1. Overview 1.1. Brief introduction of figure database
Graph database (Graph Database) is a new type of NoSQL database based on graph theory. His data storage structure and data query method are based on graph theory. The basic elements of graph in graph theory are nodes and edges, and the corresponding nodes and relations in graph database.
In a graph database, the relationship between data and data forms a graph structure through nodes and relationships, and realizes all the characteristics of the database on this structure, such as the ability to create, read, update, delete (Create, Read, Update, Delete, CRUD) and other operations on graph data objects, as well as the ability to deal with transactions and high availability.
1.2. Application case
From the perspective of system science, the world is made up of various systems, and the system is made up of the connections between the machines that are part of the system. From this level, we can directly map the system and its relations to the nodes and relations in mathematical graph theory, thus using graph theory to model the world intuitively, and graph database technology is based on graph theory. it can also be said to be the basic and universal "language" to express the colorful world. Compared with the original system, the simulation system described by this "language" has the characteristic of "high fidelity", which is consistent with people's usual cognition of the system, and is very intuitive, natural, direct and efficient. There is no need for the transformation and processing of the intermediate process, which often complicates the problem or leaves out a lot of valuable information. It is precisely because the graph database technology can directly describe a variety of complex real-world systems, it has a wide range of applicability and higher application value.

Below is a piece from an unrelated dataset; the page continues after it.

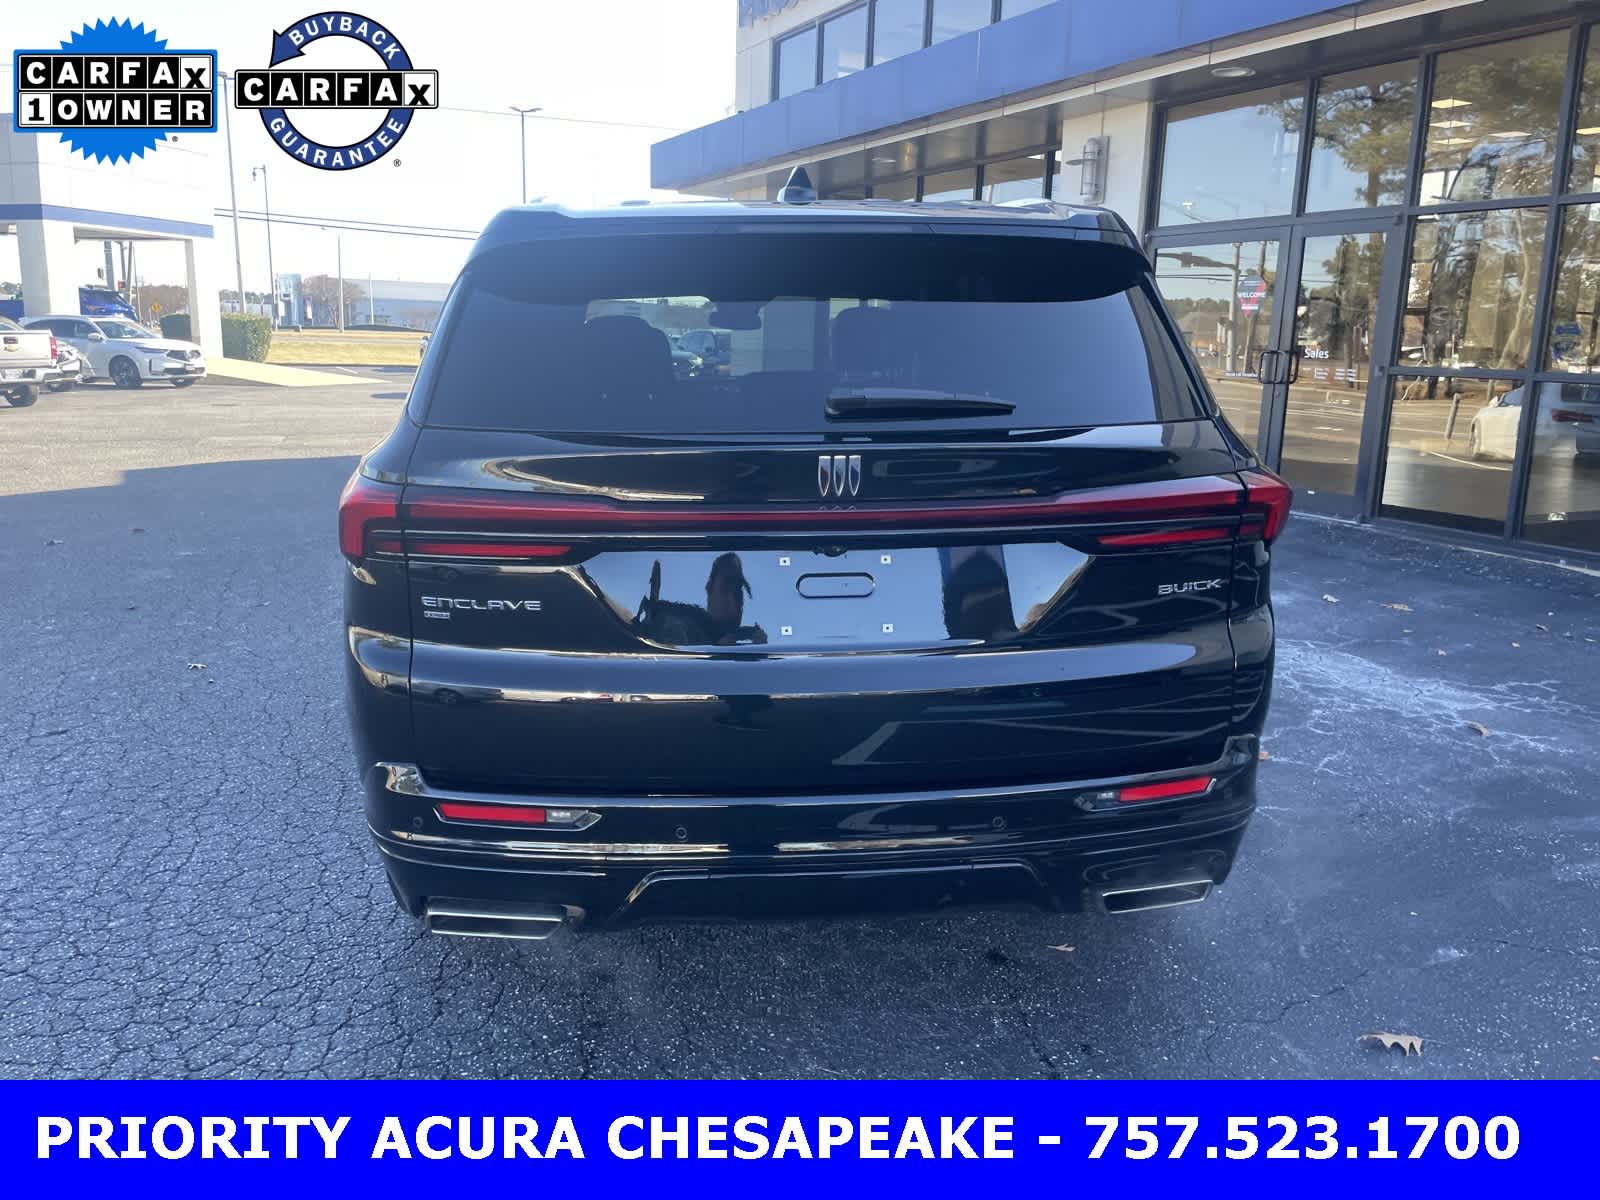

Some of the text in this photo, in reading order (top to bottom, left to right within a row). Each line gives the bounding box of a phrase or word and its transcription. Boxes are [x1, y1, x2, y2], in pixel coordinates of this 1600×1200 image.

[1303, 348, 1329, 359] Sales
[1158, 579, 1222, 595] BUICK
[421, 596, 542, 611] ENCLAVE
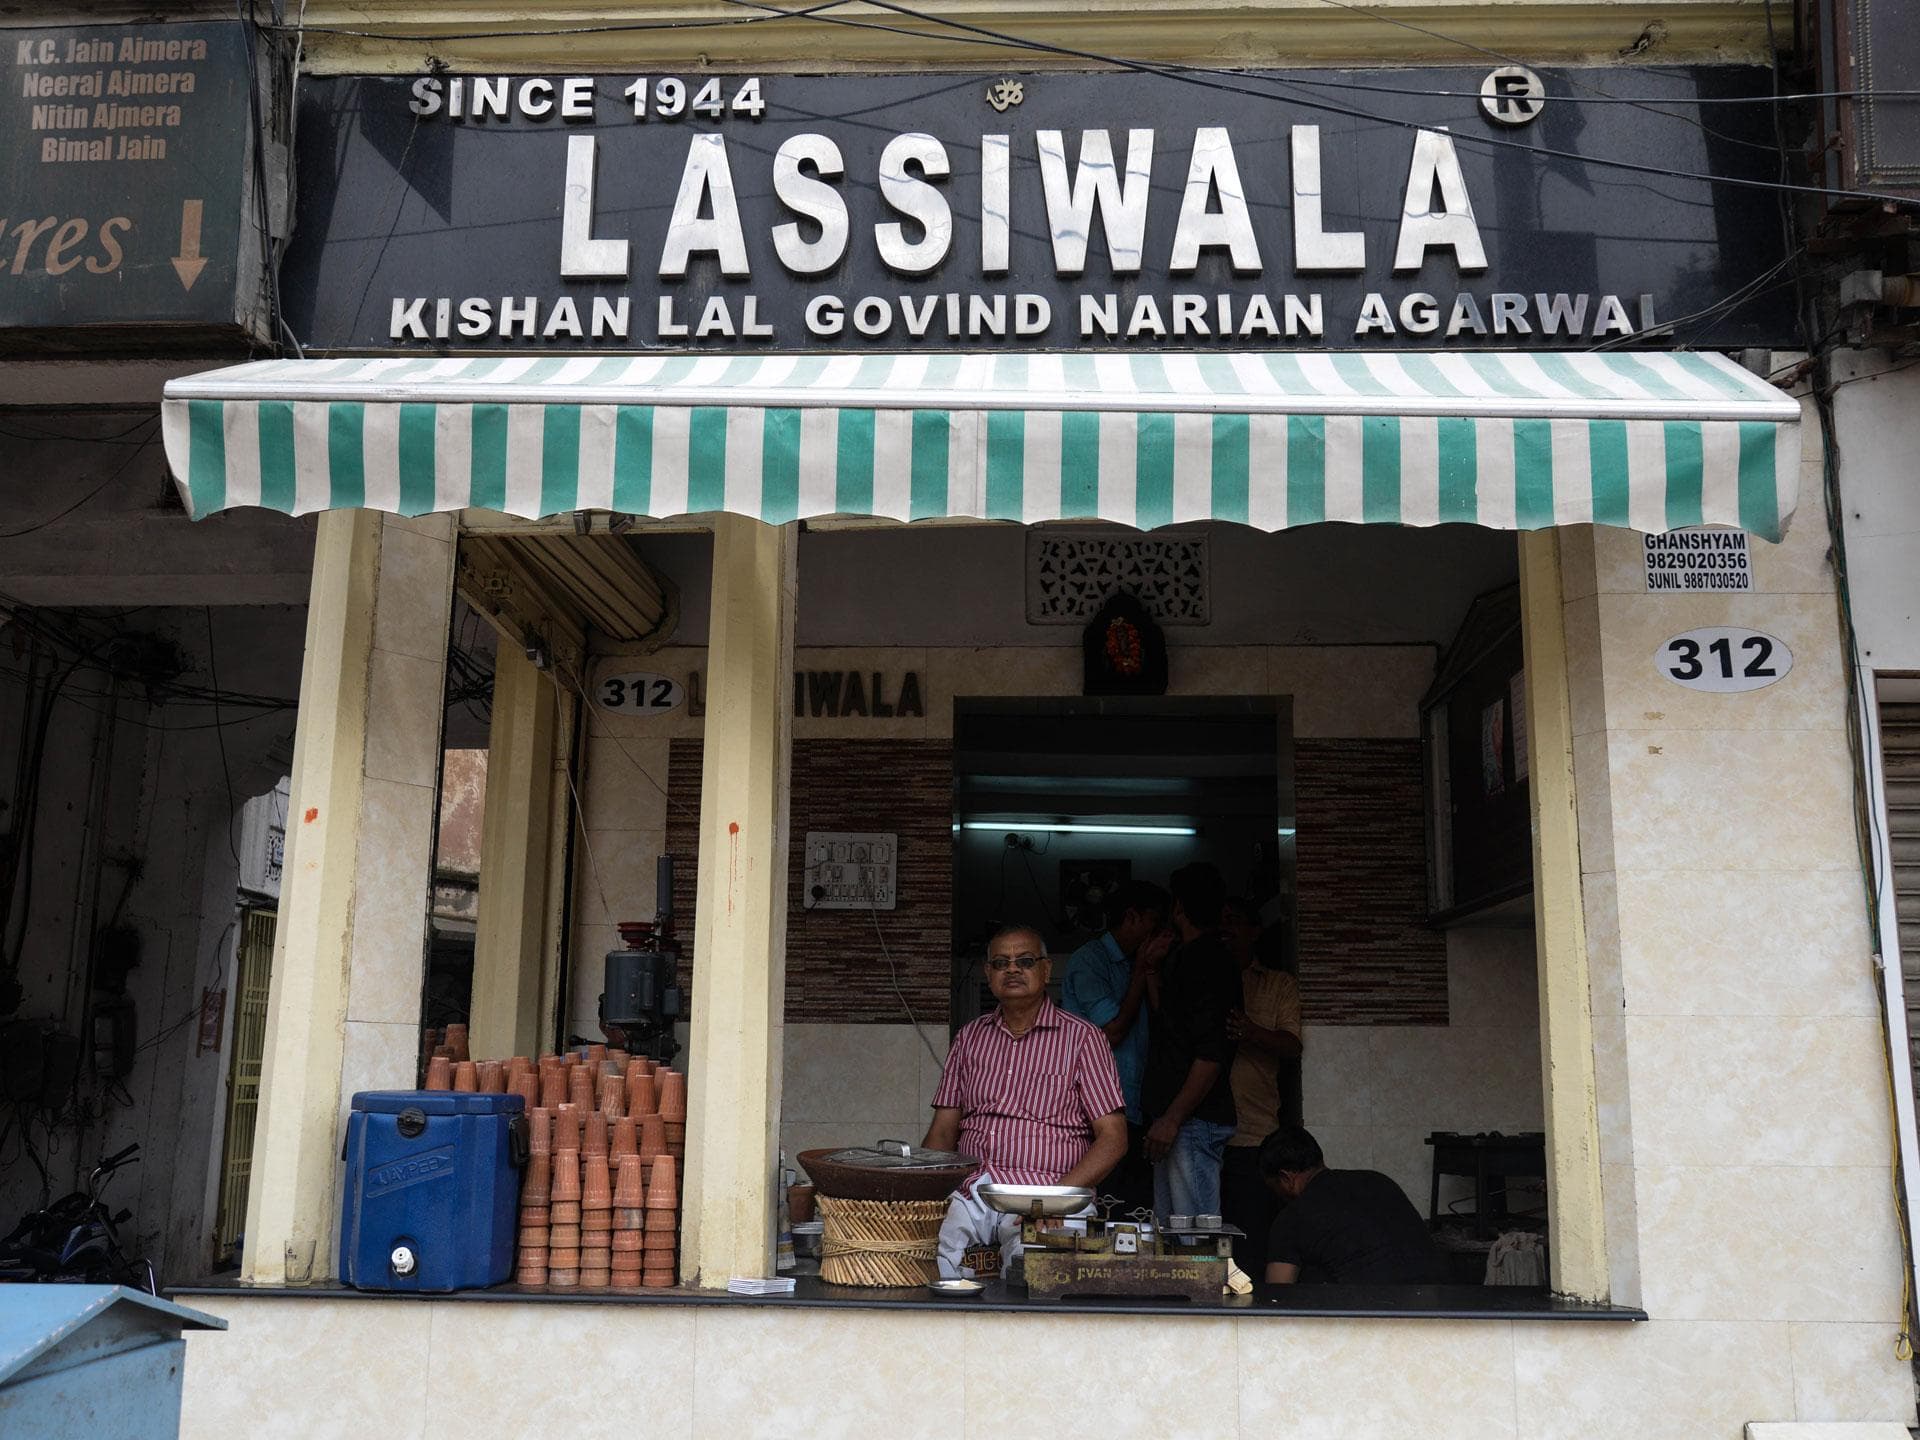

In fact, Neo4j has successfully "captured" a large number of customers, and the number of customers and applications are still growing. These customers include internationally renowned companies or institutions such as Cisco, Hewlett-Packard, Wolman, LinkedIn, Adidas, and the FT Financial Times. At present, the industry classification of Neo4j customers is mainly concentrated in the areas of social networking, human resources and recruitment, finance, insurance, retail, advertising, e-commerce, logistics, transportation, IT, telecommunications, manufacturing, printing, cultural media and medical care. A large number of Neo4j customers mentioned above repeatedly complain about the shortcomings of the original products before adopting the graph database products, which need to be solved and implemented by the new products, commonly known as: pain points, customers and major pain points are listed in the following table:
Serial number
Enterprise name
Pain point analysis or challenge
one
MigRaven
Authorization and access control
two
Adidas
The data needed to provide personalized experience is distributed on all kinds of isolated islands of information.
three
BILLES
Increase online customers: must be able to handle a large number of small print orders, a large number of acquisitions led to the patchwork of the IT system
four
Cerved
Improve computational efficiency and rapid identification, directly or indirectly control the company's personnel: access to the top technology of big data's network analysis
five
Die Bayerische
Outdated management systems and different data formats: creating a standardized data framework
six
ICIJ
Help reporters break the complex Swiss building data to get better investigative news.
seven
IRCC
Relational databases do not provide enough flexibility for multiple virtual functions
eight
LinkedIn China
Launch the social networking platform as quickly as possible, while making room for important users and feature growth
nine
Musimap
To map all music titles, each with 55 weighted description criteria to allow in-depth processing and real-time recommendations
ten
Qualia
The original product is only optimized to track user behavior on one device
eleven
SchleichGmbH
Greater scalability and flexibility are needed in the product data network
twelve
TRANSPARENCY-ONE
Manage and search a large amount of data, no performance problems
thirteen
Wanderu
Help consumers find and book inter-city buses and trains when traveling in the United States
fourteen
WineDataSystem
There are no available reference resources, a lot of information and questions about the convenience of access and the flexibility of users
fifteen
Wobi
Quickly analyze a large amount of entire customer information
sixteen
EBay
Supports large-scale complex routing queries with fast and consistent performance
seventeen
Global500 Logisitics
Geolocation routing information is generated all the time, and the business needs these location information with complex relationships to support it, which leads to serious challenges to traditional relational databases.
eighteen
Glowbl
Talk about many possible designs, ah, the network comes together, shows all the contacts in the form of a graph, and manages these contacts and their interactions in real time.
nineteen
InfoJobs
Set up a new portal to simulate the potential career path of job seekers
twenty
Megree
Provide an overall view of the relationship and strength of these links
twenty-one
Pitney bowes
Gain 360-degree customer insight and competitive advantage by building next-generation tools
twenty-two
Walmart
Provide customers with the best online shopping experience
twenty-three
Telenor
Behind the online self-service management portal, you can find the agreement responsible for managing the customer's organizational structure.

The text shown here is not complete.